→ PROBLEM DESCRIPTION
In the listing below, find the line with "this 1280×1280 image." and the line with "this 1824×1368 image.", then return them and every line between them exactly, minus the pictures.

→ DATA
####################

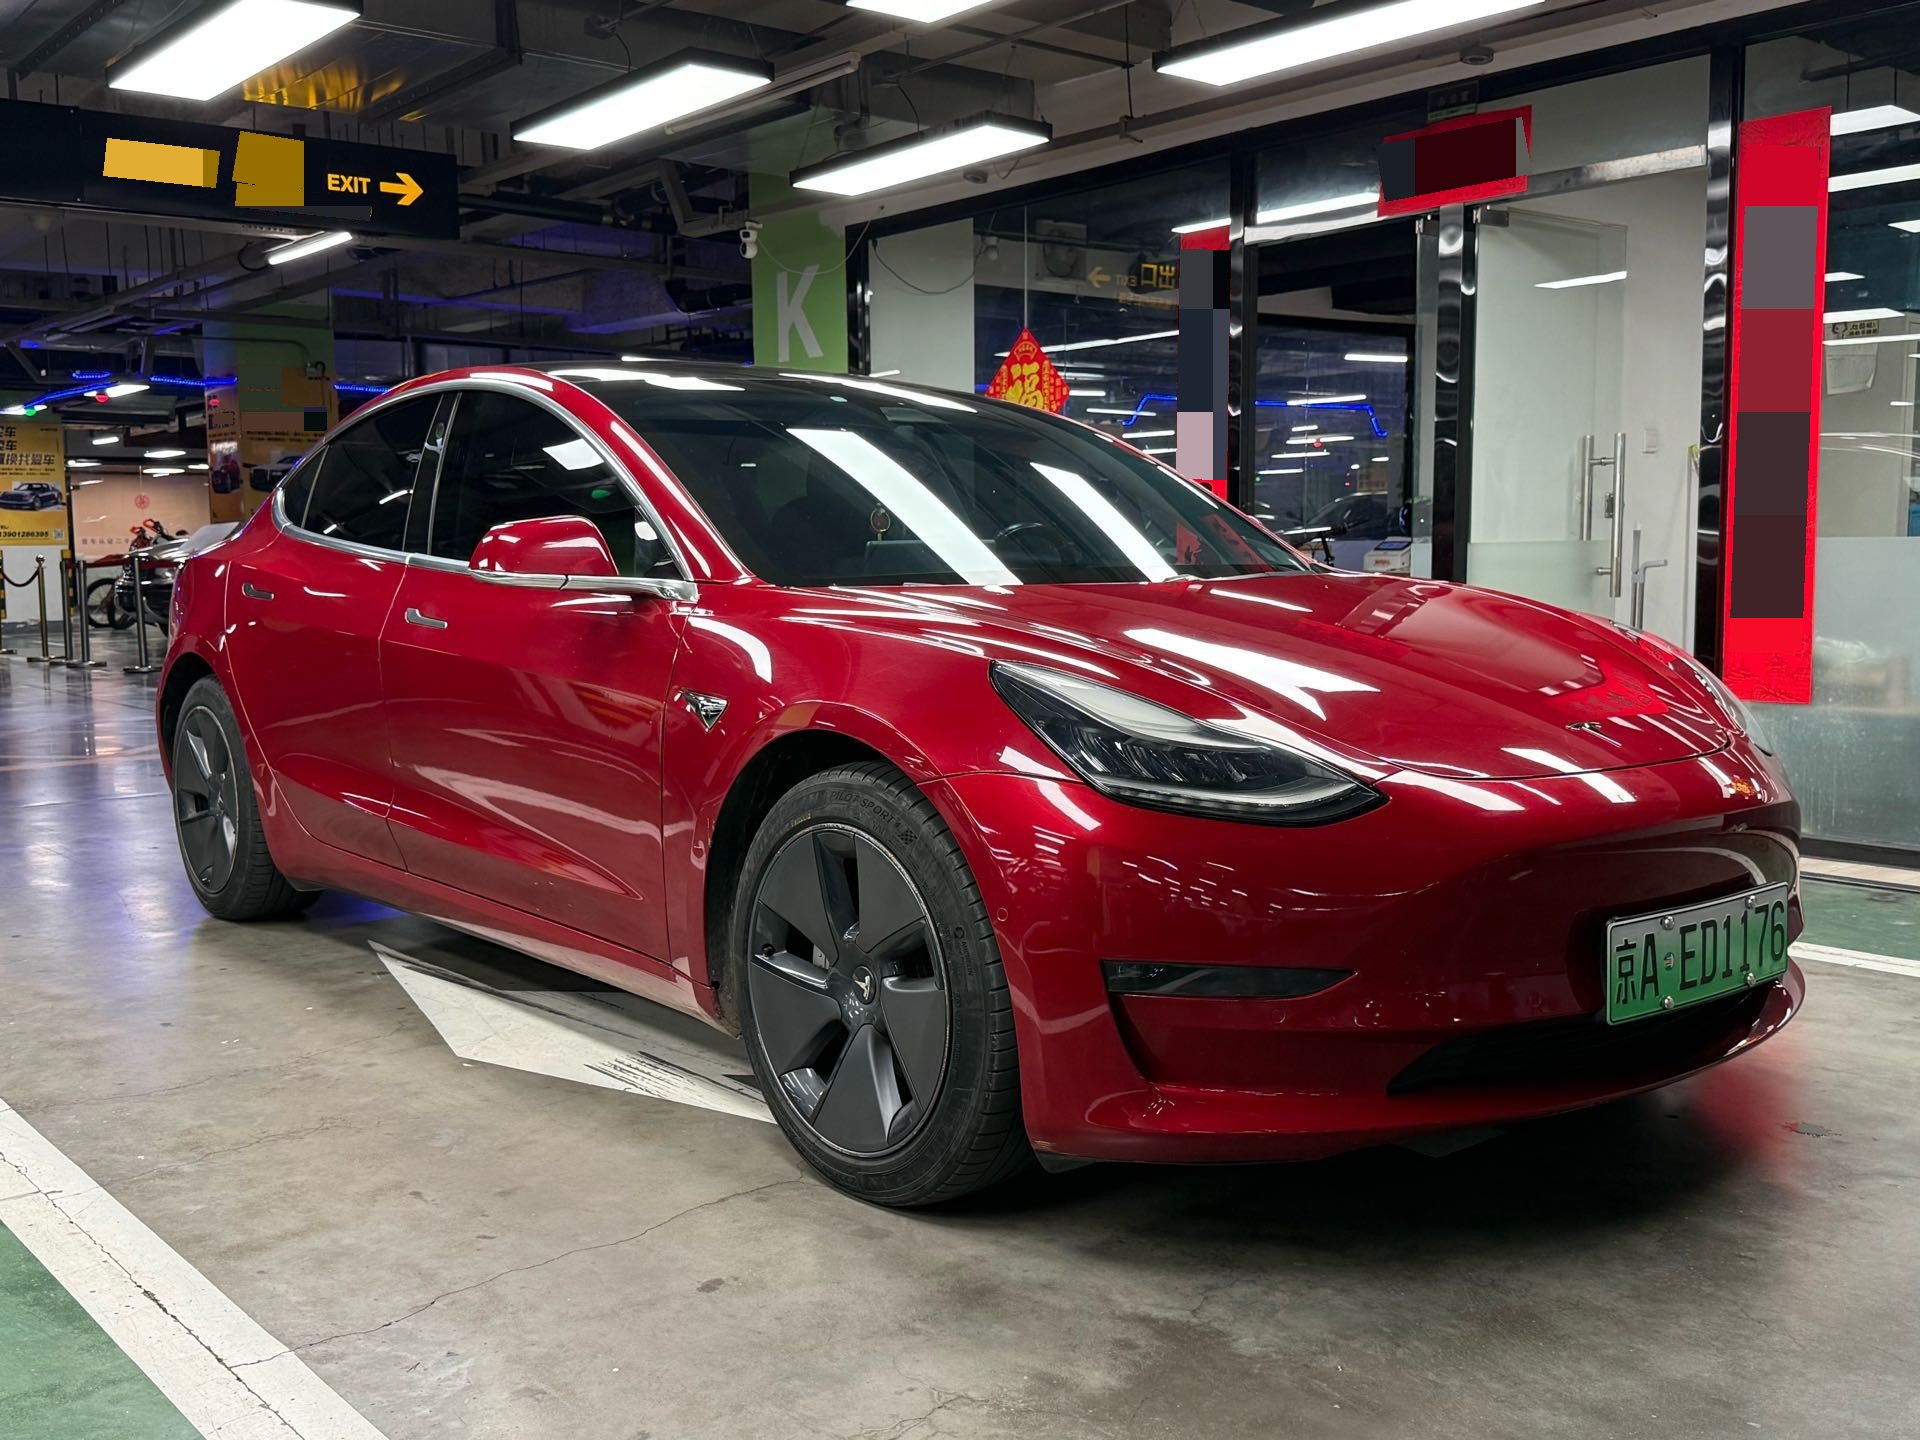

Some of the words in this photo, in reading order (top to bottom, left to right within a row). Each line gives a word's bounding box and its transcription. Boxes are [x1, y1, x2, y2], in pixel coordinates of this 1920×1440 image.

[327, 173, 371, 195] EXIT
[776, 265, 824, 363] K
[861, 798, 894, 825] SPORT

####################

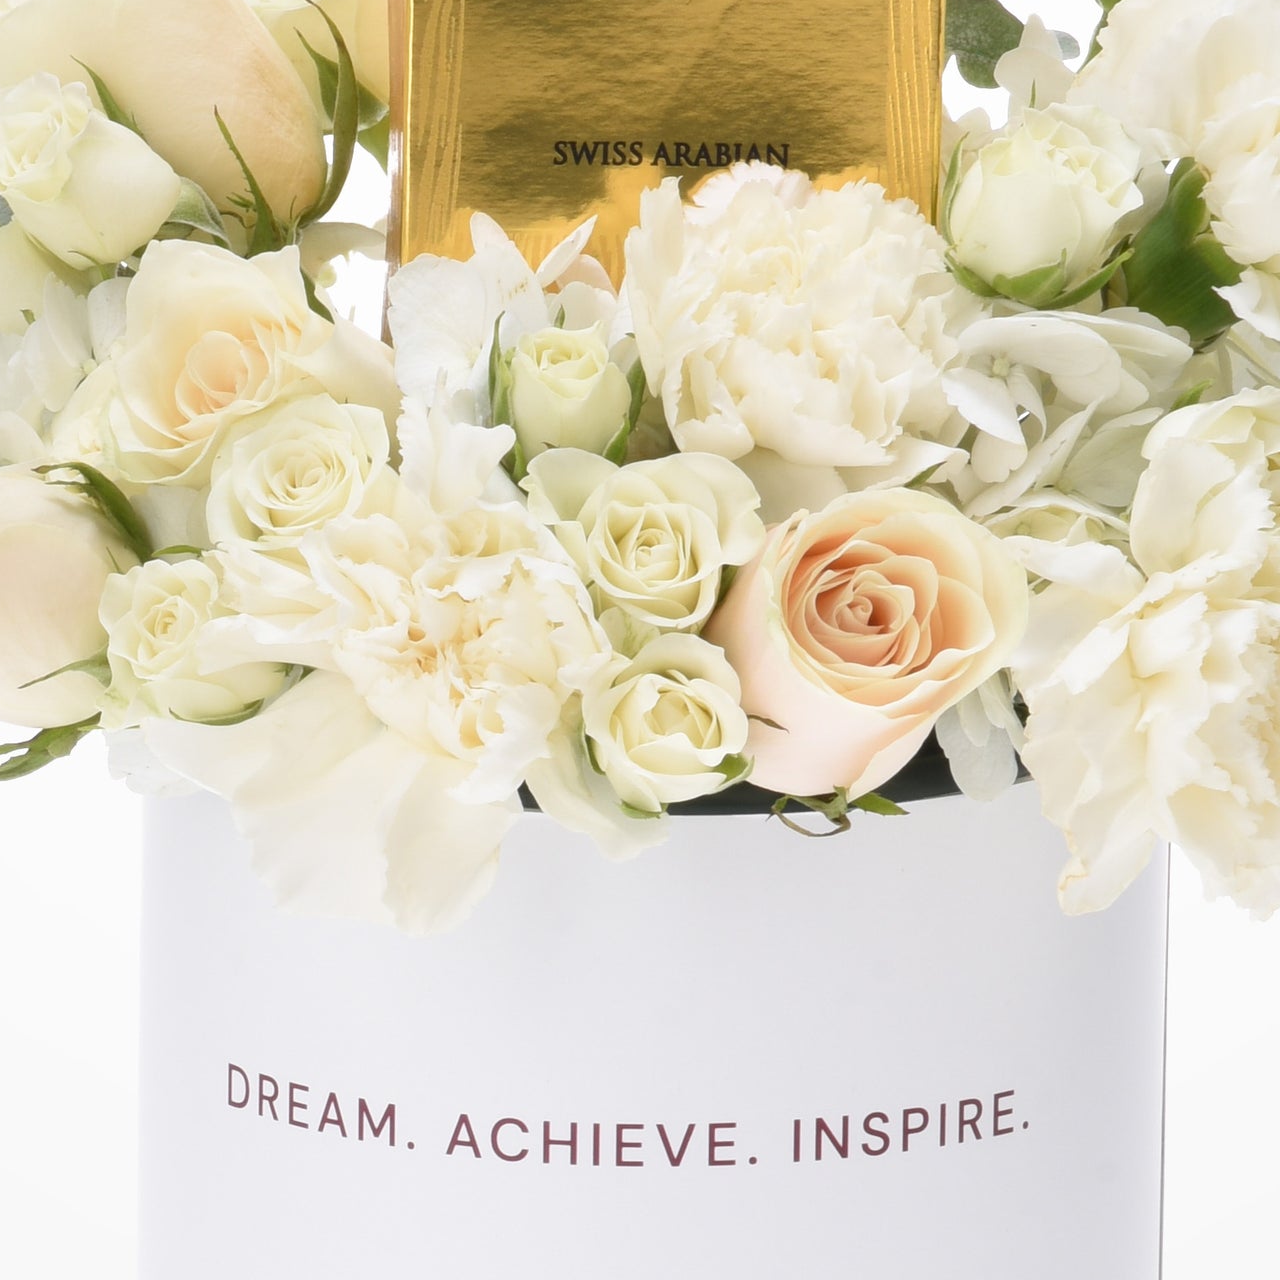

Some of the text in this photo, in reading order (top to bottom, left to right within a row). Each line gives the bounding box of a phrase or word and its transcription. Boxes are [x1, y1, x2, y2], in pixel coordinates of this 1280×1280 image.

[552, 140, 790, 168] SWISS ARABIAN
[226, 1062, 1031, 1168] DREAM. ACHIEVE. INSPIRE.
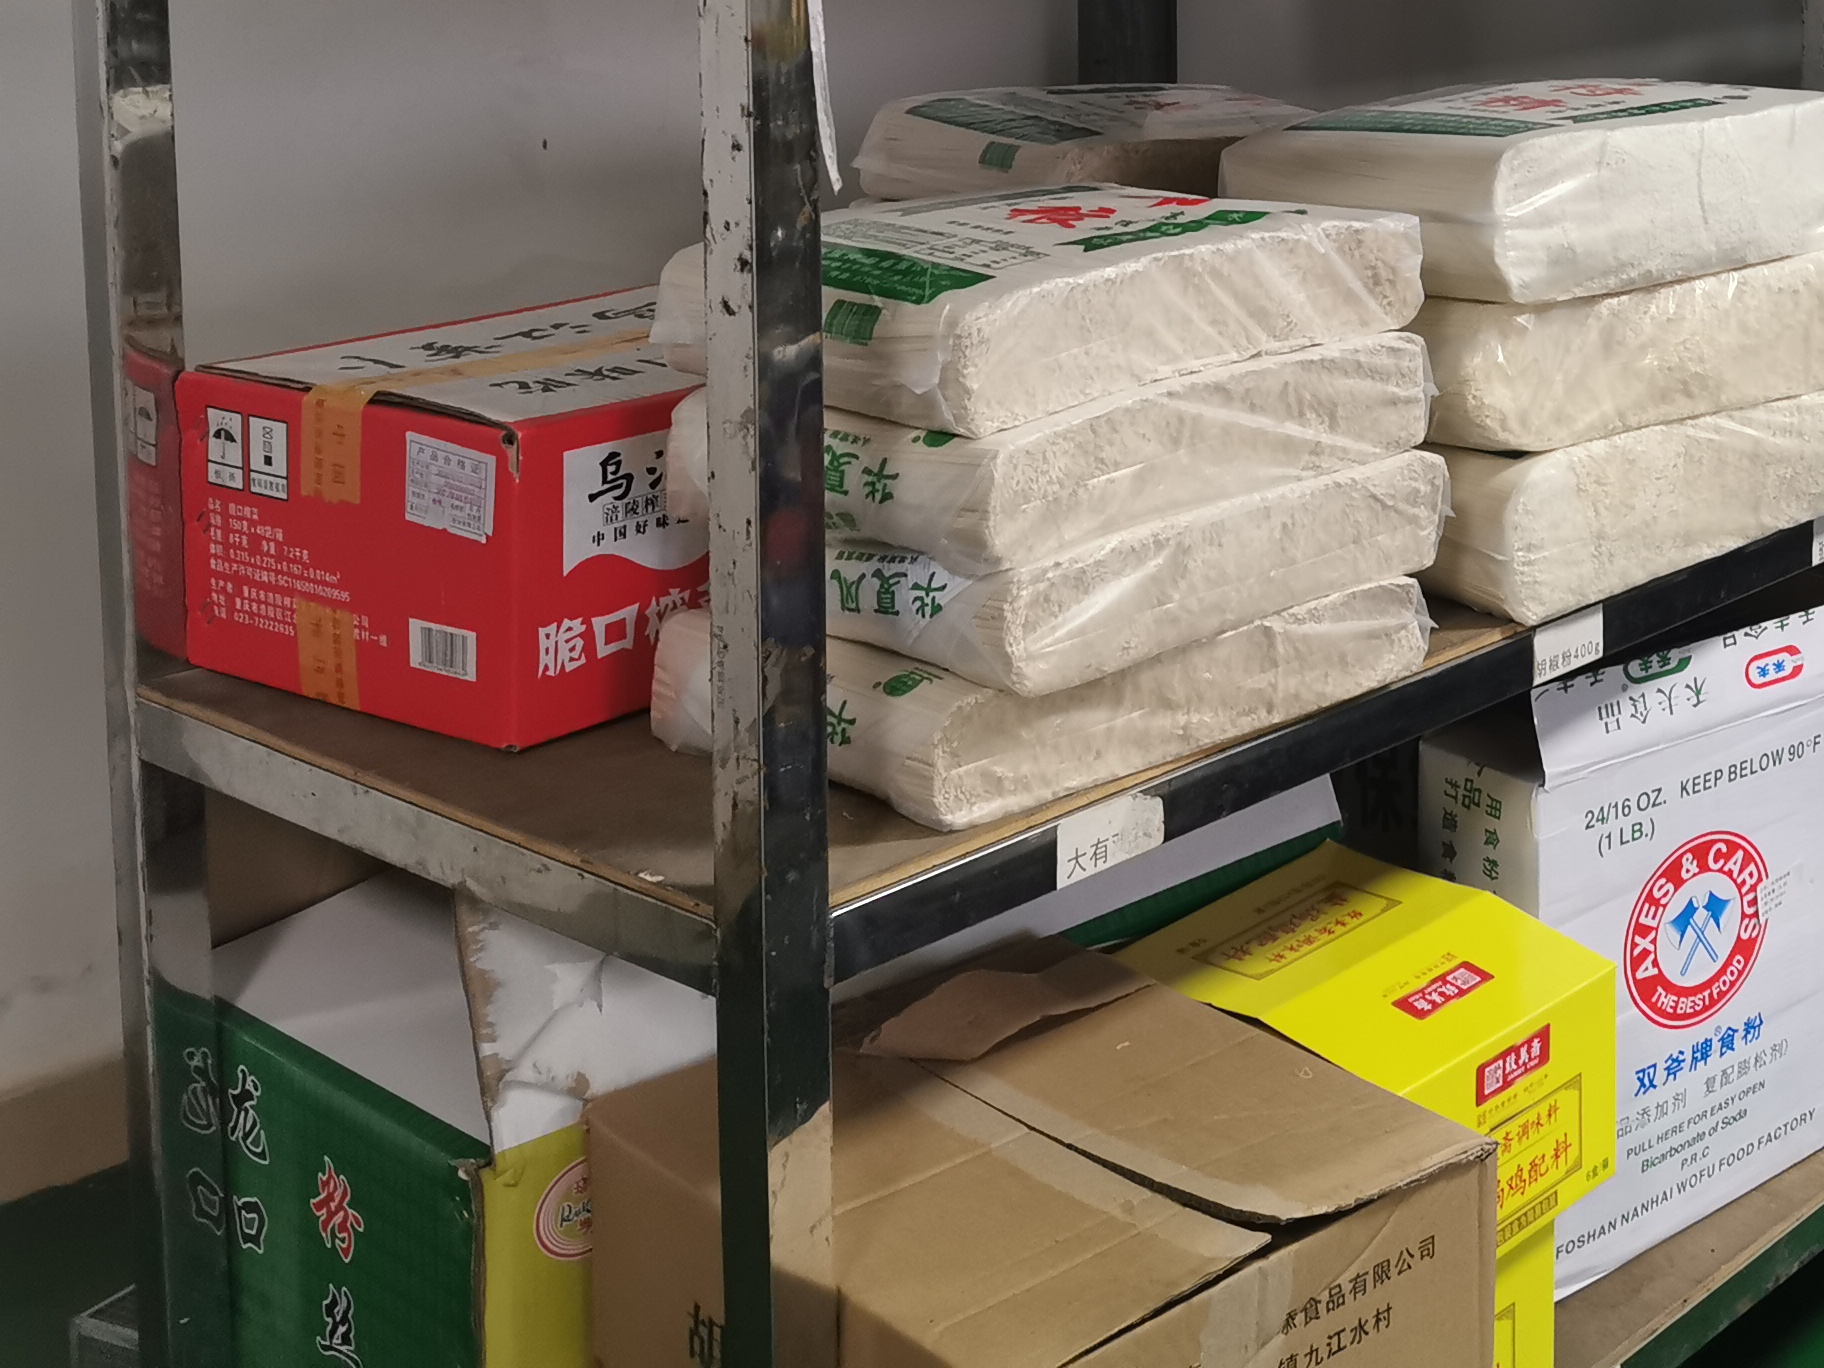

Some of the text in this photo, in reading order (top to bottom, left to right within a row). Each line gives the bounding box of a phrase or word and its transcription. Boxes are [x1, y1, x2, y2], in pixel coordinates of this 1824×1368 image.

####################

→ RESULT BELOW
Some of the text in this photo, in reading order (top to bottom, left to right within a row). Each line gives the bounding box of a phrase or word and its transcription. Boxes are [x1, y1, x2, y2], in pixel coordinates of this 1280×1280 image.

[552, 140, 790, 168] SWISS ARABIAN
[226, 1062, 1031, 1168] DREAM. ACHIEVE. INSPIRE.

Some of the text in this photo, in reading order (top to bottom, left to right within a row). Each line gives the bounding box of a phrase or word and its transcription. Boxes are [x1, y1, x2, y2], in pixel coordinates of this 1824×1368 image.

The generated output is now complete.